Armstrong had been fighting the allegations, but announced Thursday he would give up the battle, saying he was tired of fighting a losing battle against unfair accusations. He's pleading nolo contendere, leaving us all in a cloud of uncertainty - was he the greatest cyclist ever, or the most successful cheat? We may never know for sure. The sport, which has a long history of doping scandals, is diminished as well. It may never recover.

Contract settled

THUMBS UP: District 88 settled its contract negotiations with teachers for the current biennium, and the two years following. That comes after teachers worked last year on the old contract. The district is now set for the next three years.

This benefits the district in budgeting for the next three years. It will know, through 2015, what its teaching costs will be. It's a lot easier planning a budget when you don't have to estimate the major portion of your expenses.

Financially, we think the district and teachers reached a reasonable and modest settlement. Last year's payroll will remain the same as it was, with no retroactive increases. The overall impact on the district's costs will be 1.982 percent over 2011-2013, and 2.326 over 2013-2015.

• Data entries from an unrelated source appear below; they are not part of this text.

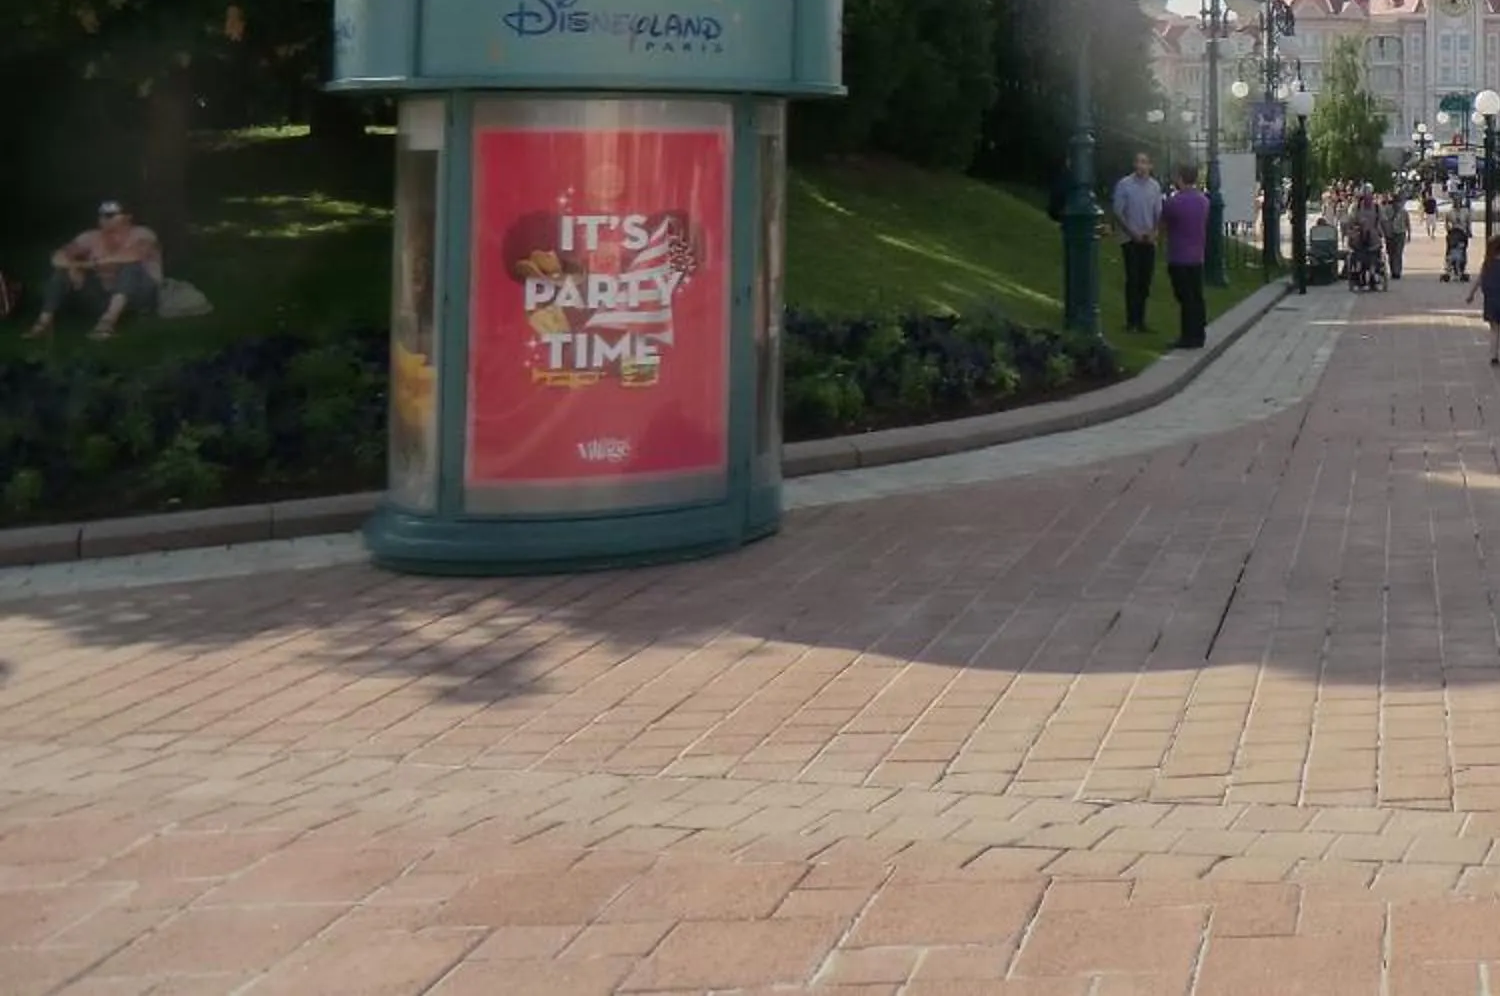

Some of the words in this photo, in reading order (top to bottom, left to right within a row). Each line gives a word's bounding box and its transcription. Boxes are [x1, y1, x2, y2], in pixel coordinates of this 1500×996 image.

[645, 41, 723, 53] PARIS
[561, 214, 649, 251] IT'S
[525, 271, 683, 311] PARTY
[540, 332, 661, 370] TIME
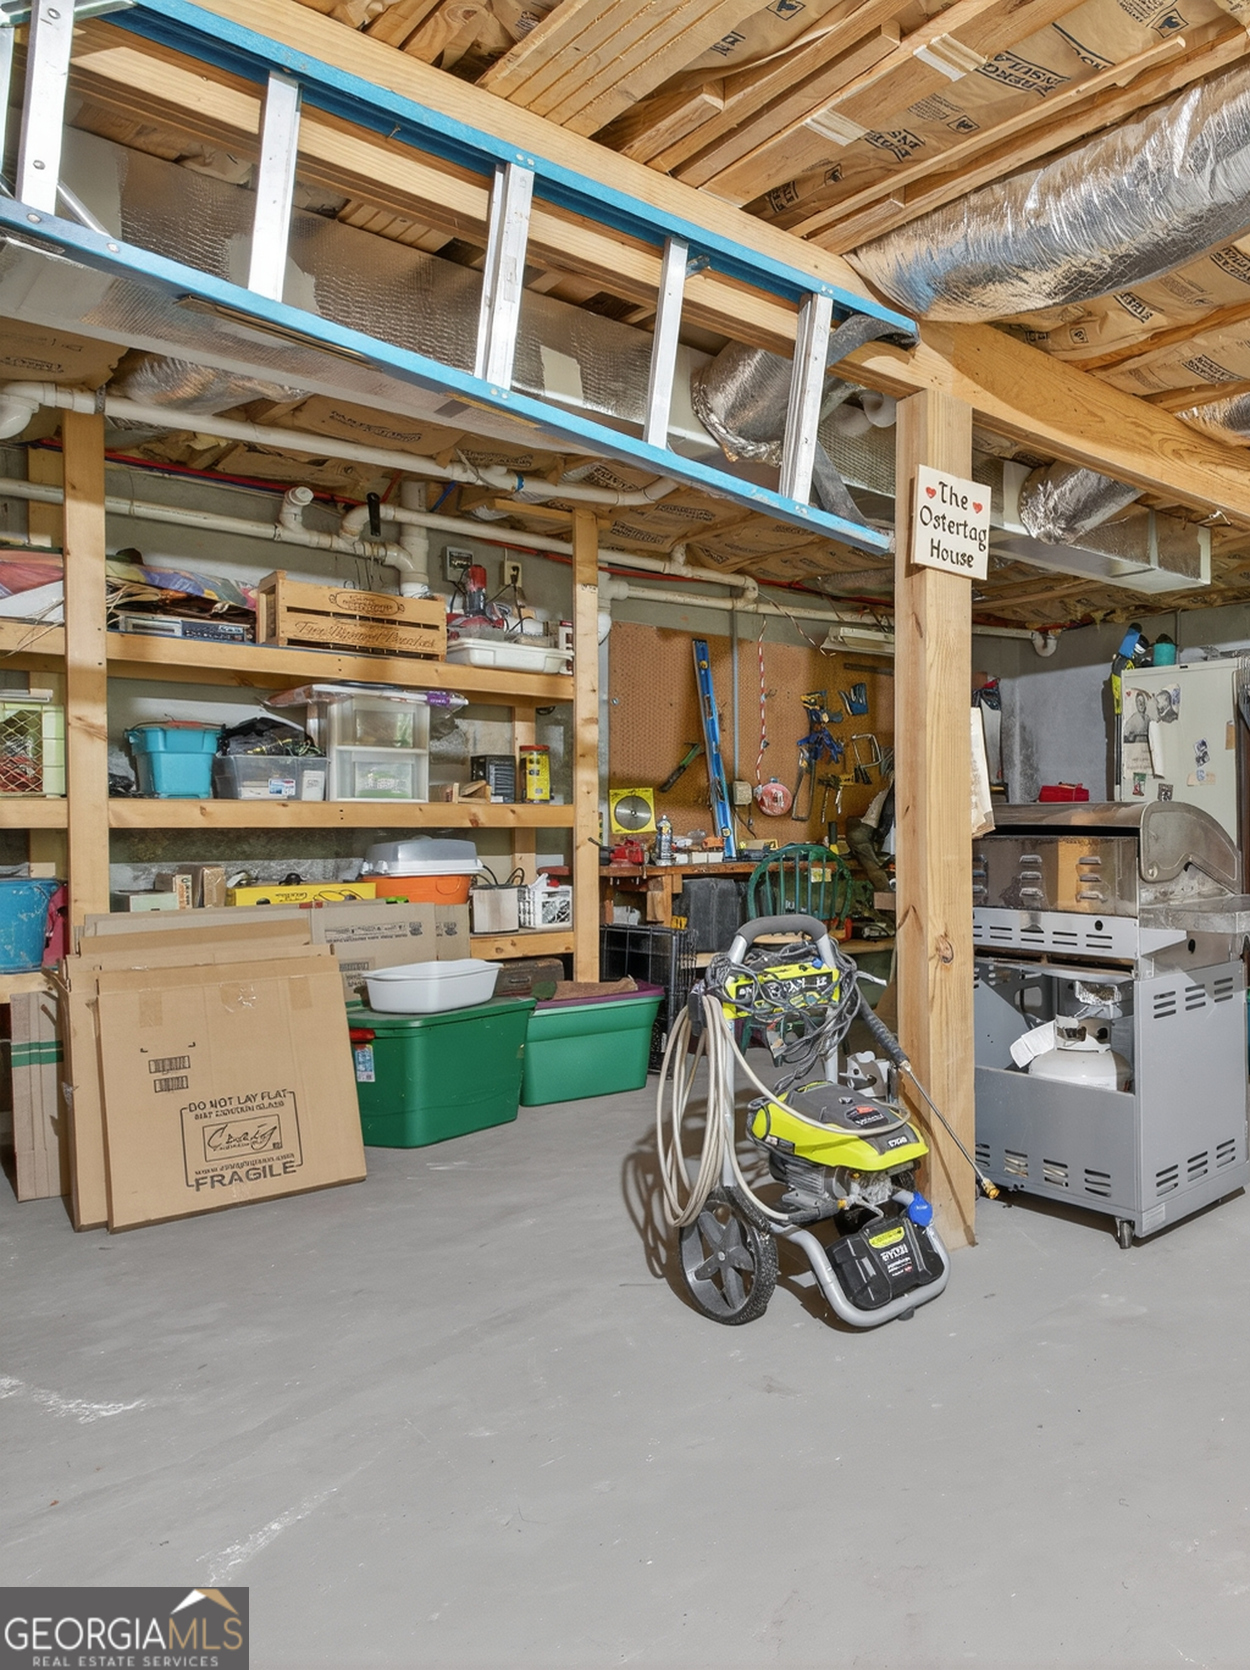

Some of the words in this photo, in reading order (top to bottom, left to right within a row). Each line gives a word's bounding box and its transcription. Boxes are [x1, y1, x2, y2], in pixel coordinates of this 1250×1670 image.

[938, 481, 968, 510] The
[919, 504, 987, 552] Ostertag
[930, 538, 974, 569] House
[188, 1101, 207, 1112] DO
[209, 1097, 234, 1110] NOT
[237, 1093, 259, 1105] LAY
[260, 1089, 288, 1101] FLAT
[194, 1160, 297, 1192] FRAGILE

The district has also capped its contribution toward health care costs, and teachers will be assuming some of that burden.

Brodkorb costs rise

THUMBS DOWN: The legal expenses to the state Senate Republican Caucus in the Michael Brodkorb lawsuit reached $100,000 this week, according to the Associated Press, which obtained copies of the latest invoices from the law firm working on the case.

Brodkorb is the former senior communications aide for the Senate Republicans who was fired last fall after it was revealed he was having an affair with then-Sen. Majority Leader Amy Koch. He is suing for defamation, invasion of privacy and gender discrimination, claiming female staffers who had affairs with male legislators were not fired.

We have said before that this expense should be born by the Republicans, not the state's taxpayers. We still think so.